Phrase grounding data

☆ ☆ ☆ ☆ ☆

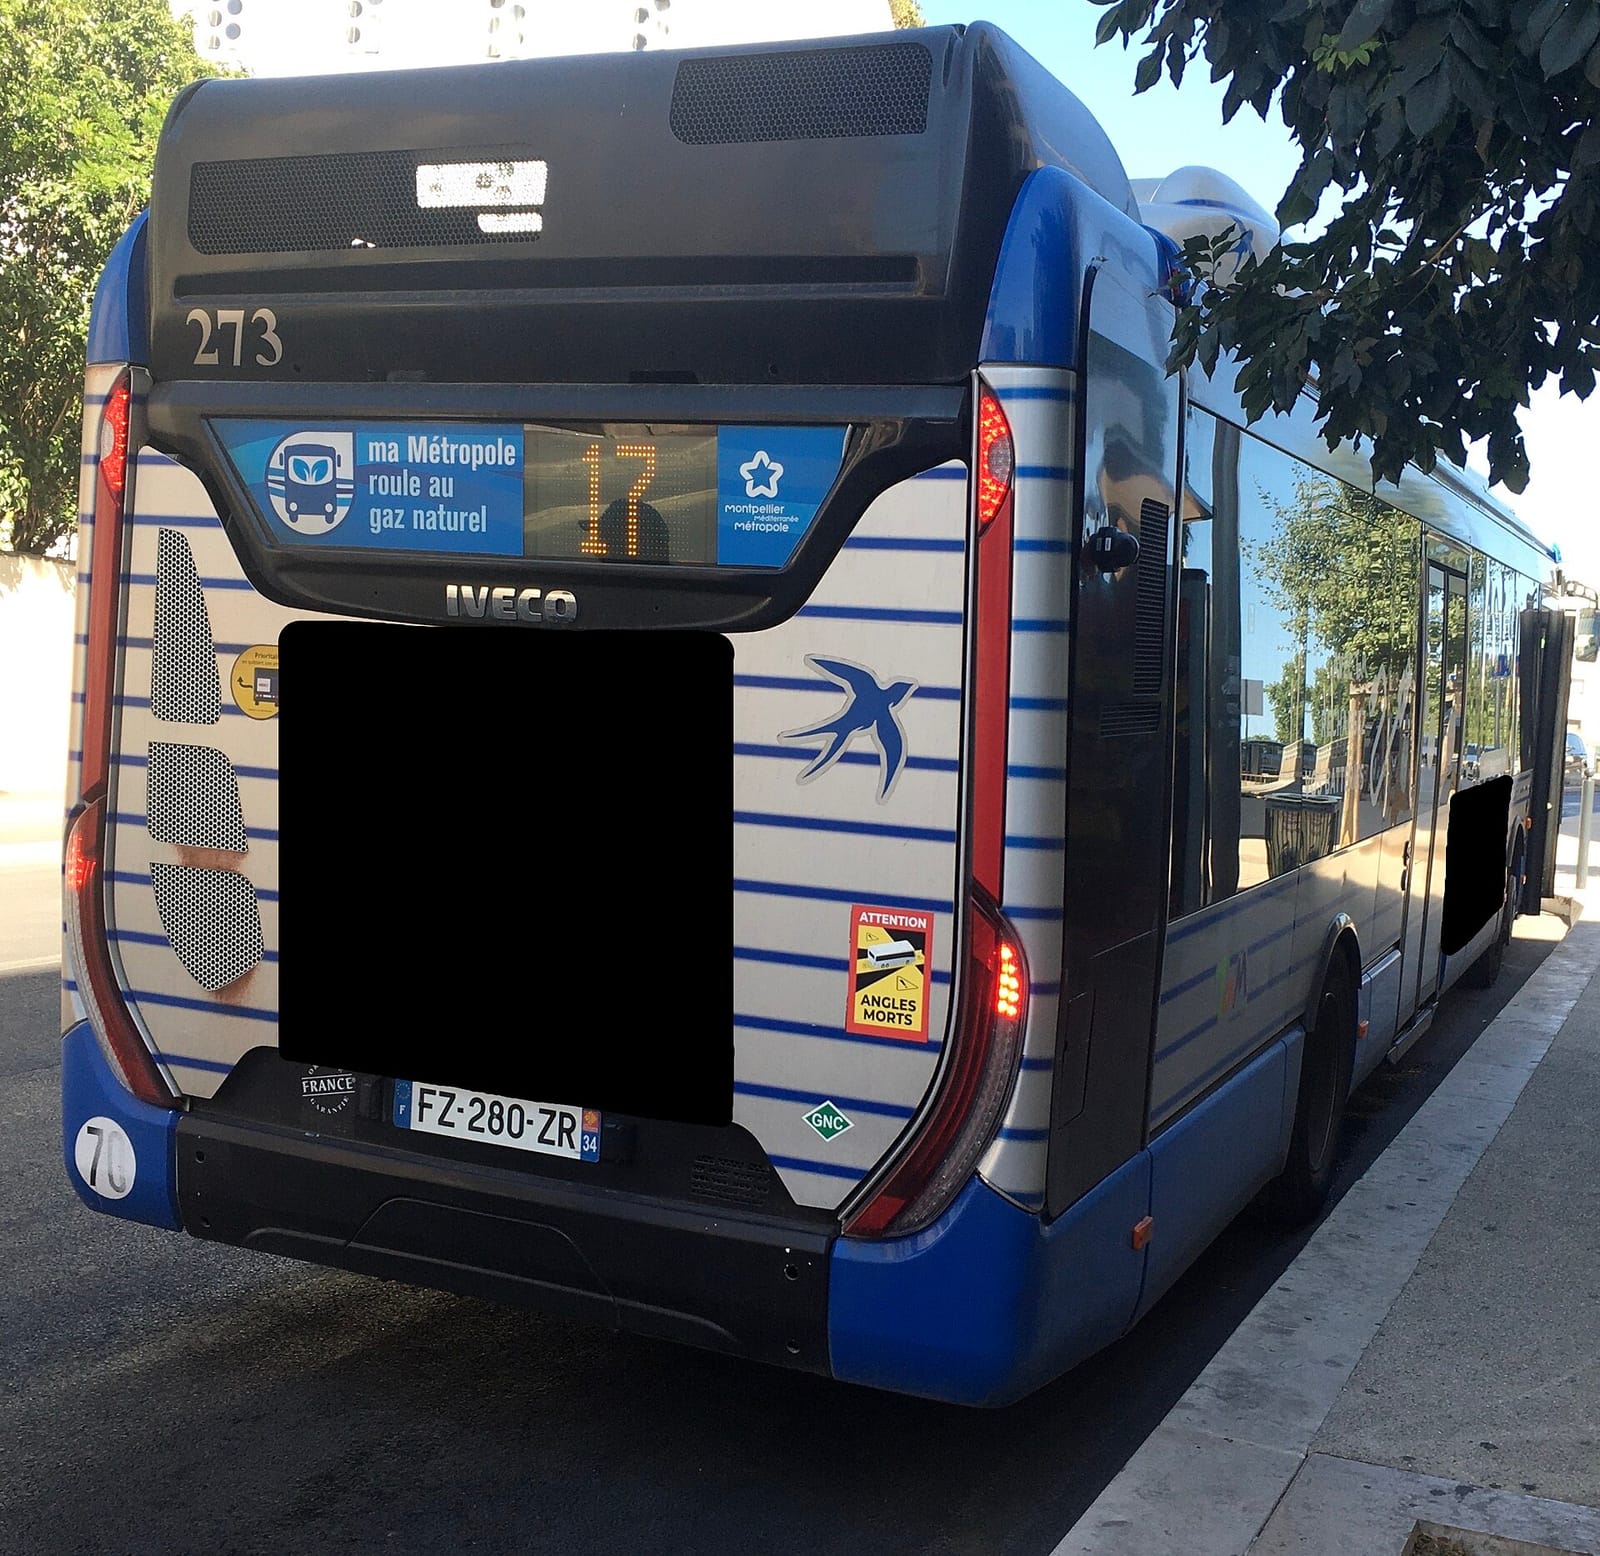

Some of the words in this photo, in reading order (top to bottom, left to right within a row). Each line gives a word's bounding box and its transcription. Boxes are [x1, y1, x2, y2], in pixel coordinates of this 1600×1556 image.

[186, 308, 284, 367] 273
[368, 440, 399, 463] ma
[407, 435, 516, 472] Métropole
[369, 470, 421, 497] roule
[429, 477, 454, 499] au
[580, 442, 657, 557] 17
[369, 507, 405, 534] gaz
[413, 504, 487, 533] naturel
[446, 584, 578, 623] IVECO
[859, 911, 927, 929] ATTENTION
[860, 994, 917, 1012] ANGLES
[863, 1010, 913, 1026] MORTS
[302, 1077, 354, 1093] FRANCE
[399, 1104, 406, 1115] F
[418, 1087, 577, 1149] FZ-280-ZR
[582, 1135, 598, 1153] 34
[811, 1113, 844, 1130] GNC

☆ ☆ ☆ ☆ ☆

### Your objective:
Retype the records exactly. Any image in them should not appear in what you write.

### Final answer:
Some of the words in this photo, in reading order (top to bottom, left to right within a row). Each line gives a word's bounding box and its transcription. Boxes are [x1, y1, x2, y2], in pixel coordinates of this 1600×1556 image.

[186, 308, 284, 367] 273
[368, 440, 399, 463] ma
[407, 435, 516, 472] Métropole
[369, 470, 421, 497] roule
[429, 477, 454, 499] au
[580, 442, 657, 557] 17
[369, 507, 405, 534] gaz
[413, 504, 487, 533] naturel
[446, 584, 578, 623] IVECO
[859, 911, 927, 929] ATTENTION
[860, 994, 917, 1012] ANGLES
[863, 1010, 913, 1026] MORTS
[302, 1077, 354, 1093] FRANCE
[399, 1104, 406, 1115] F
[418, 1087, 577, 1149] FZ-280-ZR
[582, 1135, 598, 1153] 34
[811, 1113, 844, 1130] GNC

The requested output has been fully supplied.